The goal of our study is to develop just such a tool to detect MSs in DNA sequences. To this end, we have designed software called MsDetector that attempts to remedy the limitations of the currently available tools. The parameters of our software tool were optimized using machine-learning algorithms. MsDetector does not require a library of known MSs or a list of motifs. Therefore, we expect MsDetector to produce consistent results across studies. In addition, MsDetector can process a whole human chromosome in a few minutes on a regular personal computer.
We incorporated a supervised-learning approach into our design. Labeled data are required for supervised-learning algorithms. For example, the labeled data required in our study to train a tool to detect MSs consisted of two sets of sequences: (i) DNA sequences that are known to include MSs and (ii) DNA sequences that are not likely to include MSs. To obtain such data, we used RepeatMasker to obtain MS sequences. Genomic sequences that did not overlap with MSs located by RepeatMasker comprised the other set unlikely to include MSs. Then, we trained a hidden Markov model (HMM) on these two sets to detect MSs. To reduce the false detection rate, the HMM detections were processed by a filter to remove spurious detections. Again, we applied a supervised-learning algorithm to obtain such a filter. We regarded the filtering problem as a classification problem where we distinguished between true and false detections. Therefore, we trained a general linear model (GLM) to obtain a classifier that functioned as the filter. As before, two sets of labeled data are required to train the filter. HMM detections that overlapped with MSs located by RepeatMasker comprised one of the two sets. The other set consisted of HMM detections found in shuffled DNA sequences. The human chromosome 20 and its shuffled version were divided into three segments to train, validate and test MsDetector. We followed the train–validate–test approach to make sure that MsDetector performance during training is very similar to its performance on unseen data, i.e. to avoid over-fitting.
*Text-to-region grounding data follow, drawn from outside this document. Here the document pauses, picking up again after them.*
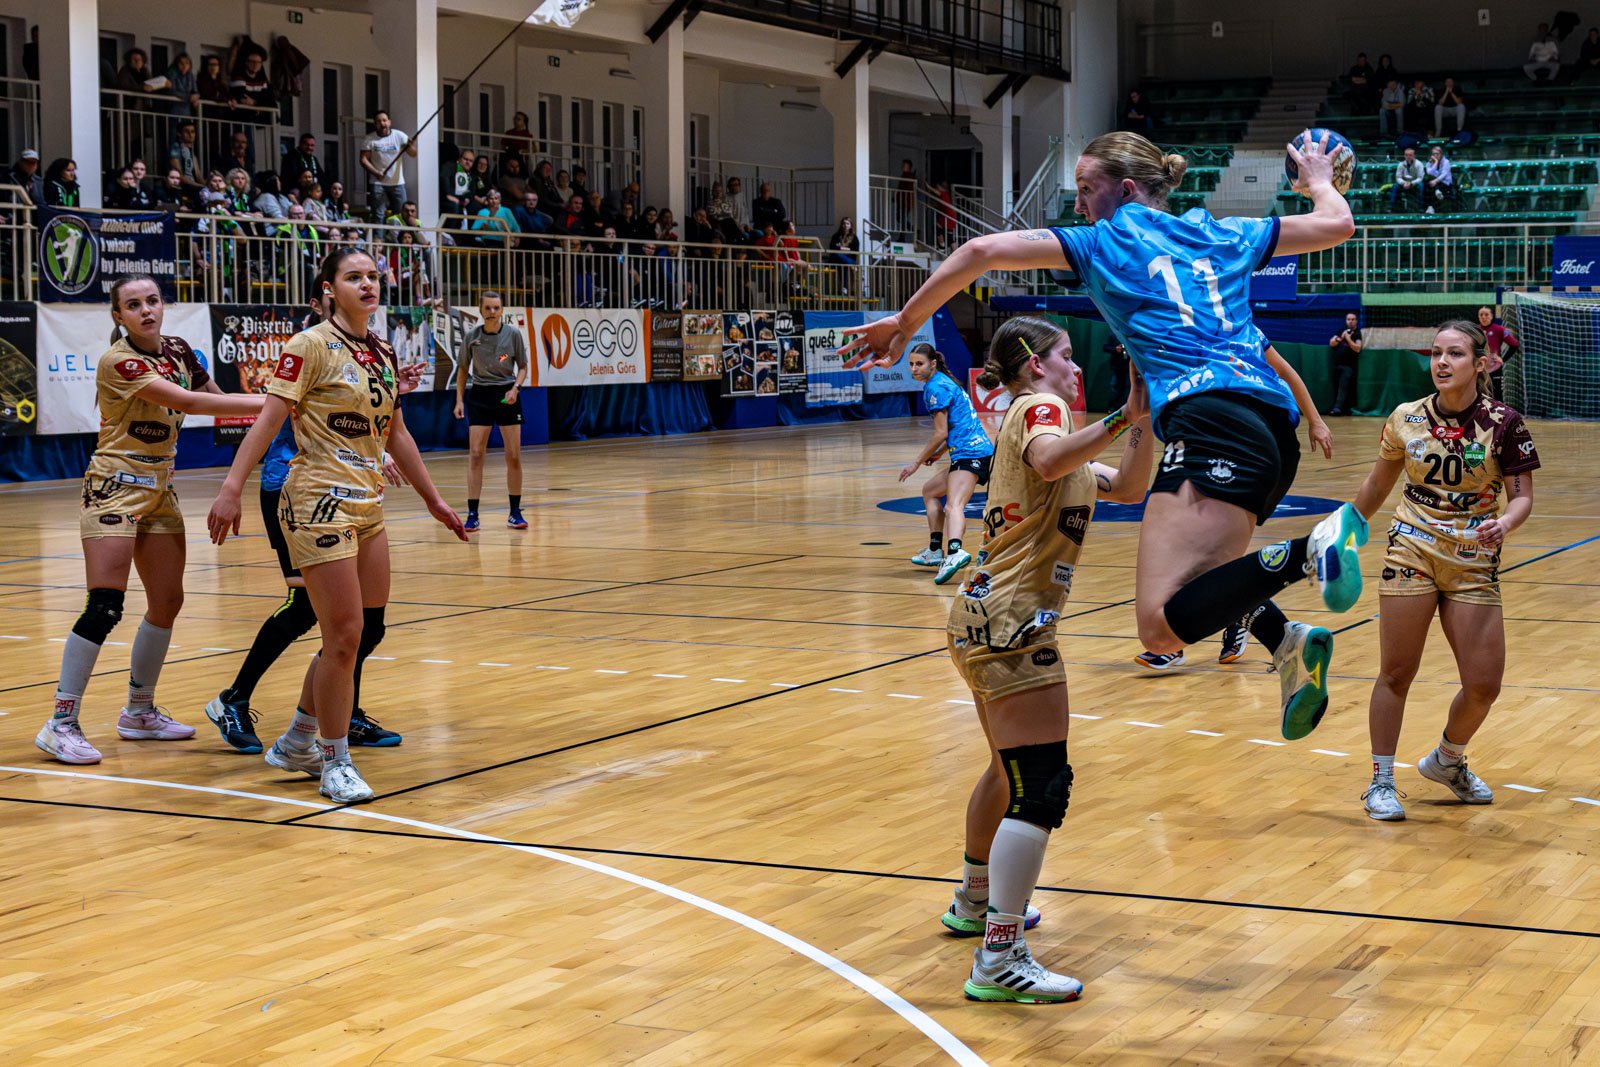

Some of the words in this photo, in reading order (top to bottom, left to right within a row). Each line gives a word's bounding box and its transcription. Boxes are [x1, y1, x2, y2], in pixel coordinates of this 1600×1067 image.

[140, 220, 164, 234] moc
[107, 239, 135, 253] wiara
[101, 258, 114, 274] by
[115, 258, 150, 274] Jelenia
[152, 258, 174, 275] Góra
[1555, 259, 1595, 274] Hotel
[1146, 255, 1233, 332] 11
[241, 316, 294, 338] Pizzeria
[653, 316, 680, 332] Catering
[572, 318, 638, 358] eco
[809, 329, 836, 354] quest
[217, 333, 285, 364] Gazow
[48, 354, 96, 372] JEL
[589, 362, 614, 377] Jelenia
[616, 361, 637, 375] Góra
[367, 377, 382, 408] 5
[334, 416, 369, 431] elmas
[1405, 415, 1424, 423] TICO
[134, 424, 167, 438] elmas
[1164, 440, 1185, 464] 11
[1517, 440, 1534, 455] KP
[1424, 453, 1463, 487] 20
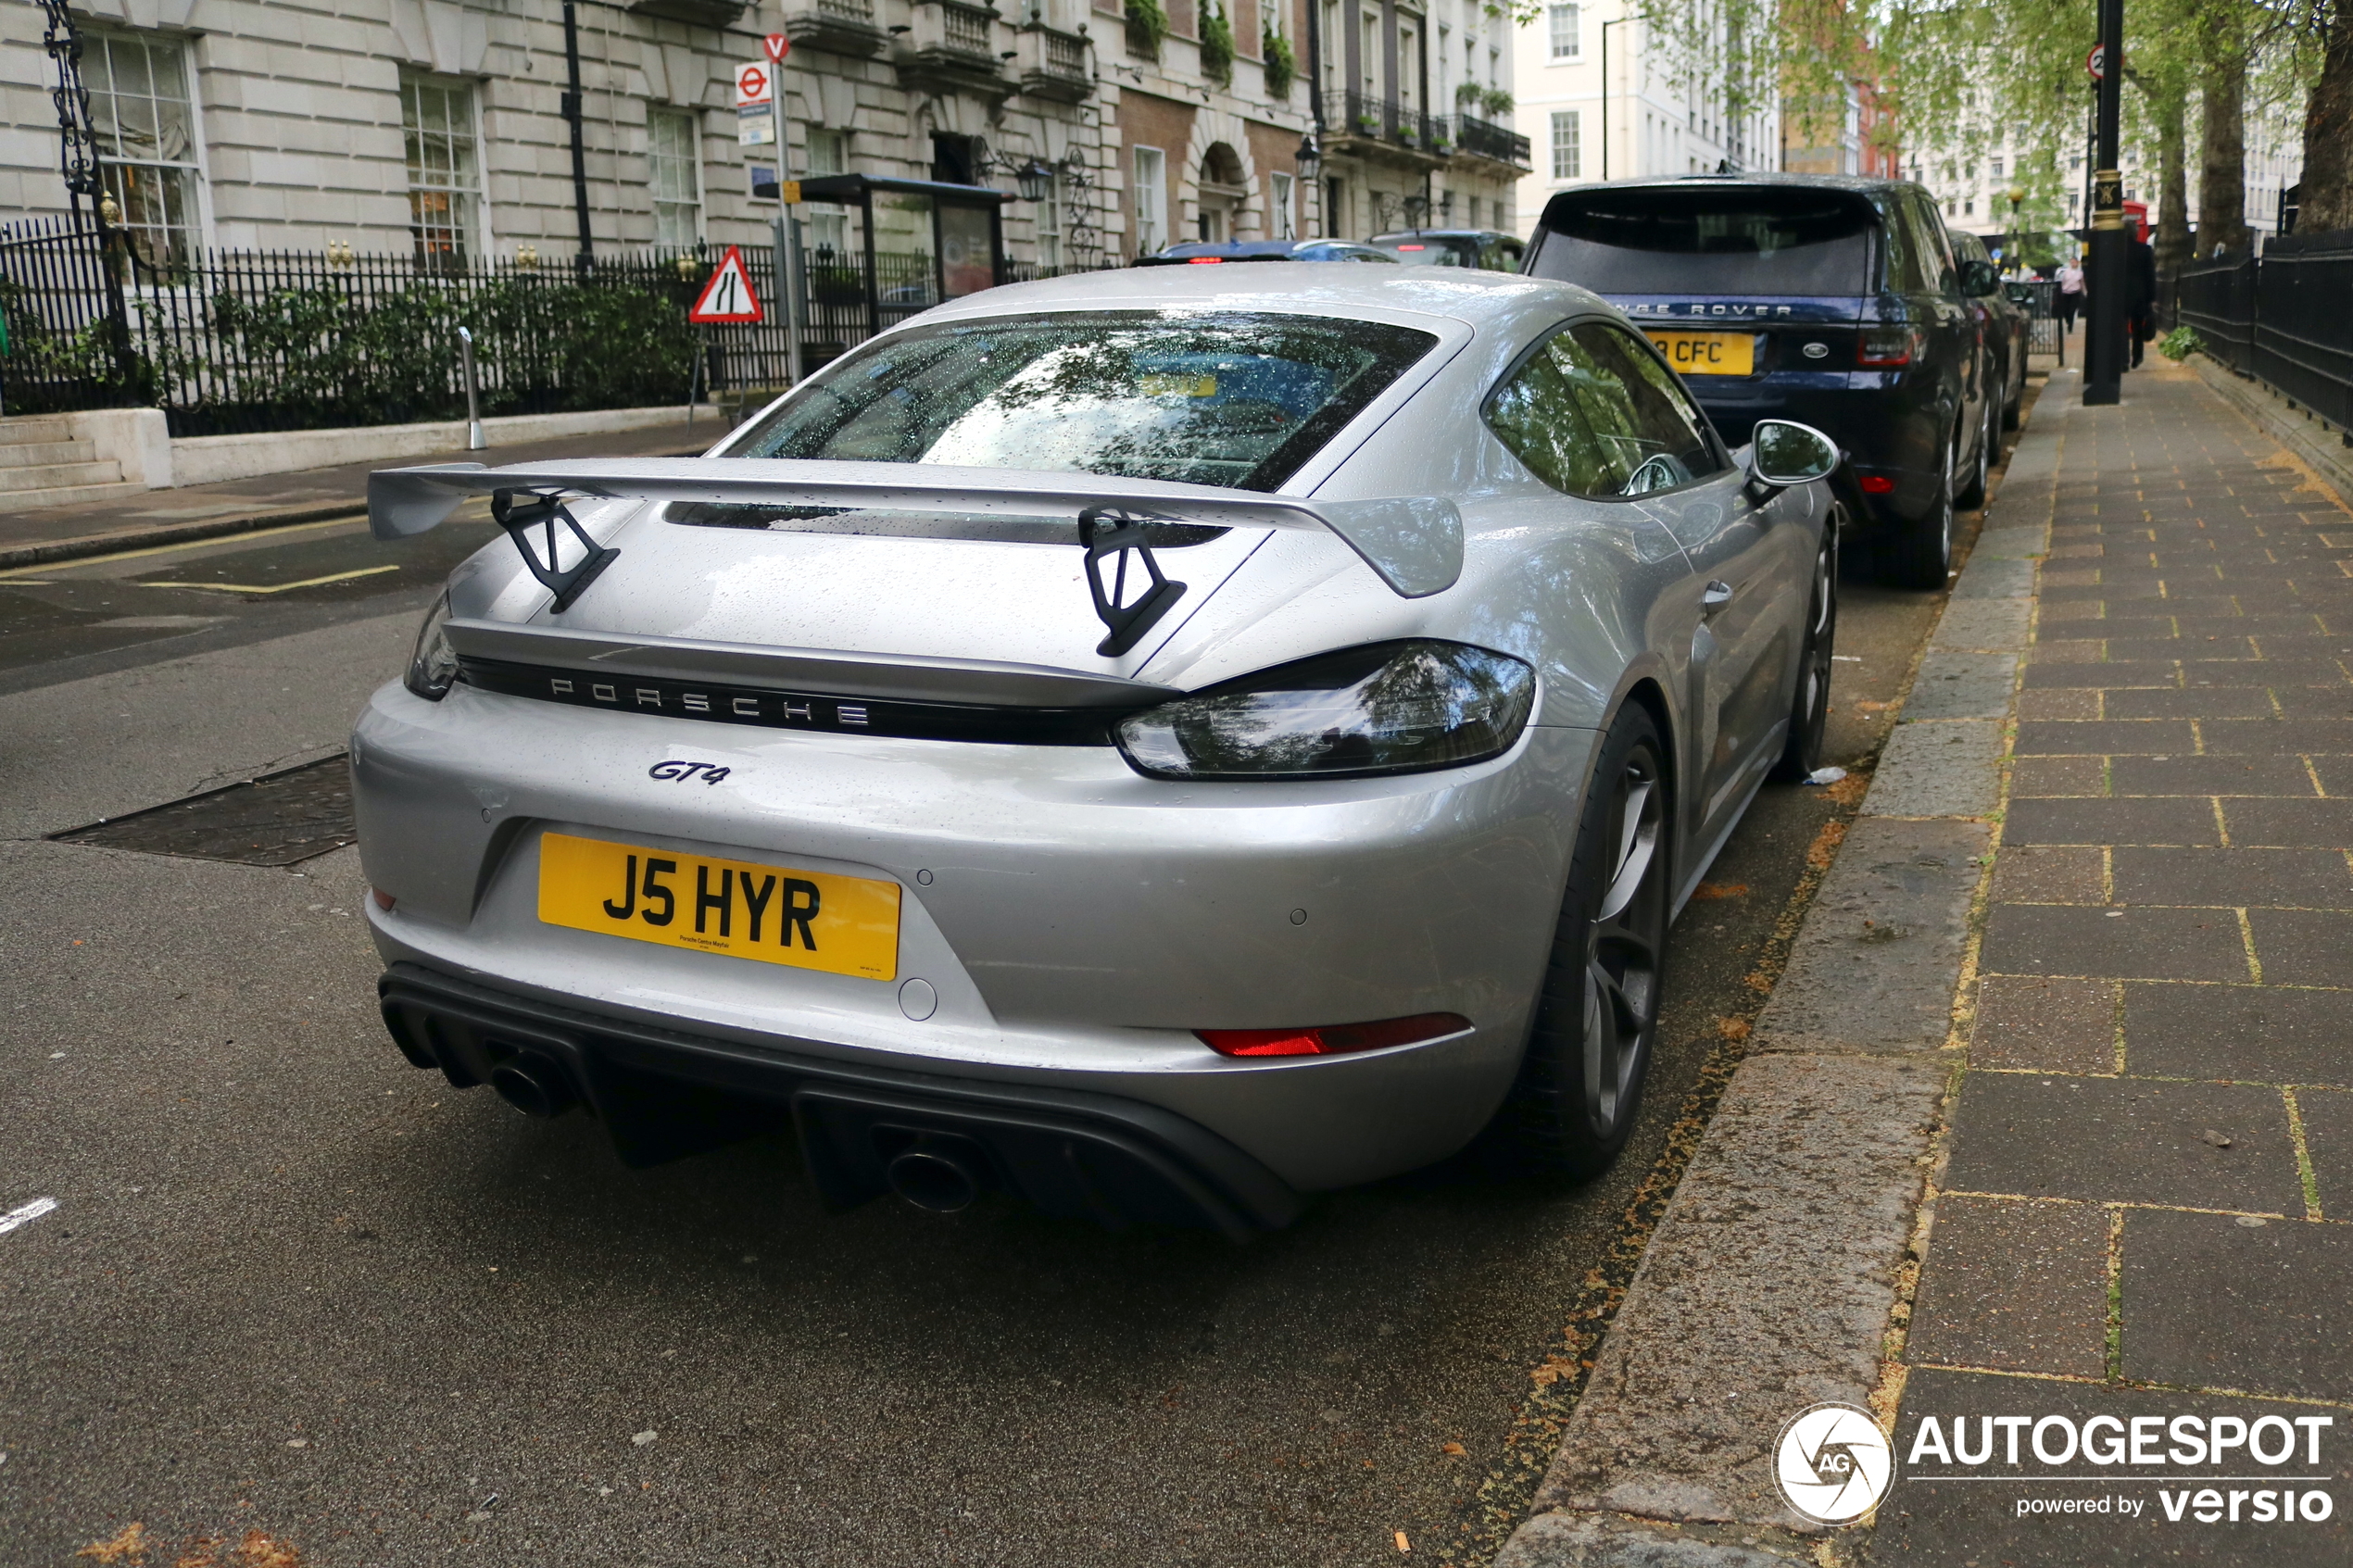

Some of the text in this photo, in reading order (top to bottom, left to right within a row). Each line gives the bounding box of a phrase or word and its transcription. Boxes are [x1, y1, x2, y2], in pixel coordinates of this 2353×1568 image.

MsDetector is both memory- and time-efficient. The memory requirement and the run time are linear with respect to the length of the input sequence. Due to the advantages of the supervised-learning algorithms, the user is not required to adjust any parameters or provide any filtering criteria. In sum, the contribution of our study comprises a software tool called MsDetector. The tool can locate perfect and approximate MSs. The advantages of MsDetector are as follows:
- The user is not required to optimize the parameters.
- There is no need to provide a library of known MSs.
- There is no need to specify motif patterns.
- It is efficient in terms of memory and time and
- It produces consistent results across studies.